Stored entries ▸
■ ■ ■ ■

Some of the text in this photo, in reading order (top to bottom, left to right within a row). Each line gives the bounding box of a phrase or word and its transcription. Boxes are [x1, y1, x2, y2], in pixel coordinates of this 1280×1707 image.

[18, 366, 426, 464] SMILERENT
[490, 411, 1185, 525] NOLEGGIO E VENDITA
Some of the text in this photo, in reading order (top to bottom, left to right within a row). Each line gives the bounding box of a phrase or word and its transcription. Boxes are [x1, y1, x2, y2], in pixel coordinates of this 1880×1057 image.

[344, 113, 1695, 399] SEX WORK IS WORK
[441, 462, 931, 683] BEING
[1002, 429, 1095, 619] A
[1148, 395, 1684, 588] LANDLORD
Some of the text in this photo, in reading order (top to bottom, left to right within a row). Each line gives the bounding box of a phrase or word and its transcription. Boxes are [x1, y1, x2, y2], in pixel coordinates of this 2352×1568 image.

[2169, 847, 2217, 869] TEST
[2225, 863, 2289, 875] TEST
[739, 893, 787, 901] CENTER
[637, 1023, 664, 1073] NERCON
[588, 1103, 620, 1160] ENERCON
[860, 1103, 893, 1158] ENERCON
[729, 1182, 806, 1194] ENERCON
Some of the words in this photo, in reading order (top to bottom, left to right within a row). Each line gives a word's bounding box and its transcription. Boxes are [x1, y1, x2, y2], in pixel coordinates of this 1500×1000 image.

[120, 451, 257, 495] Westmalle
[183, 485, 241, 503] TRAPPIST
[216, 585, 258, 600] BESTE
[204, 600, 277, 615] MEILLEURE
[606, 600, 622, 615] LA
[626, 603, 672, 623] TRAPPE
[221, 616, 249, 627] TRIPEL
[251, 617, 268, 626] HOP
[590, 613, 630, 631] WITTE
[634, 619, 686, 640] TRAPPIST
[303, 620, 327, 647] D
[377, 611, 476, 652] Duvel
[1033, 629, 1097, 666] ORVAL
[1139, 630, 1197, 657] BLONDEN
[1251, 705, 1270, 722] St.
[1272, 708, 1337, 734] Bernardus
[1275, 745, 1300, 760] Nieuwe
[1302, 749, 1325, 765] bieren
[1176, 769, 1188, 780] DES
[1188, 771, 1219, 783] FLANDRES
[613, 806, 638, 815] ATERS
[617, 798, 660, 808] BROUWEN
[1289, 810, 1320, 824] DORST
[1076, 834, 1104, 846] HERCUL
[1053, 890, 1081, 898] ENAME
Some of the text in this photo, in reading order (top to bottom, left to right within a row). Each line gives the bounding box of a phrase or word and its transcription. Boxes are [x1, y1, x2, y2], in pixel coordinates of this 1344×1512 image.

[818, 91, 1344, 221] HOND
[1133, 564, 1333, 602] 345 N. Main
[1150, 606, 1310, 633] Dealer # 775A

■ ■ ■ ■

What the task asks ▸
Nothing but an exact reproduction of the entries is wanted.

Exercise result ▸
Some of the text in this photo, in reading order (top to bottom, left to right within a row). Each line gives the bounding box of a phrase or word and its transcription. Boxes are [x1, y1, x2, y2], in pixel coordinates of this 1280×1707 image.

[18, 366, 426, 464] SMILERENT
[490, 411, 1185, 525] NOLEGGIO E VENDITA
Some of the text in this photo, in reading order (top to bottom, left to right within a row). Each line gives the bounding box of a phrase or word and its transcription. Boxes are [x1, y1, x2, y2], in pixel coordinates of this 1880×1057 image.

[344, 113, 1695, 399] SEX WORK IS WORK
[441, 462, 931, 683] BEING
[1002, 429, 1095, 619] A
[1148, 395, 1684, 588] LANDLORD
Some of the text in this photo, in reading order (top to bottom, left to right within a row). Each line gives the bounding box of a phrase or word and its transcription. Boxes are [x1, y1, x2, y2], in pixel coordinates of this 2352×1568 image.

[2169, 847, 2217, 869] TEST
[2225, 863, 2289, 875] TEST
[739, 893, 787, 901] CENTER
[637, 1023, 664, 1073] NERCON
[588, 1103, 620, 1160] ENERCON
[860, 1103, 893, 1158] ENERCON
[729, 1182, 806, 1194] ENERCON
Some of the words in this photo, in reading order (top to bottom, left to right within a row). Each line gives a word's bounding box and its transcription. Boxes are [x1, y1, x2, y2], in pixel coordinates of this 1500×1000 image.

[120, 451, 257, 495] Westmalle
[183, 485, 241, 503] TRAPPIST
[216, 585, 258, 600] BESTE
[204, 600, 277, 615] MEILLEURE
[606, 600, 622, 615] LA
[626, 603, 672, 623] TRAPPE
[221, 616, 249, 627] TRIPEL
[251, 617, 268, 626] HOP
[590, 613, 630, 631] WITTE
[634, 619, 686, 640] TRAPPIST
[303, 620, 327, 647] D
[377, 611, 476, 652] Duvel
[1033, 629, 1097, 666] ORVAL
[1139, 630, 1197, 657] BLONDEN
[1251, 705, 1270, 722] St.
[1272, 708, 1337, 734] Bernardus
[1275, 745, 1300, 760] Nieuwe
[1302, 749, 1325, 765] bieren
[1176, 769, 1188, 780] DES
[1188, 771, 1219, 783] FLANDRES
[613, 806, 638, 815] ATERS
[617, 798, 660, 808] BROUWEN
[1289, 810, 1320, 824] DORST
[1076, 834, 1104, 846] HERCUL
[1053, 890, 1081, 898] ENAME
Some of the text in this photo, in reading order (top to bottom, left to right within a row). Each line gives the bounding box of a phrase or word and its transcription. Boxes are [x1, y1, x2, y2], in pixel coordinates of this 1344×1512 image.

[818, 91, 1344, 221] HOND
[1133, 564, 1333, 602] 345 N. Main
[1150, 606, 1310, 633] Dealer # 775A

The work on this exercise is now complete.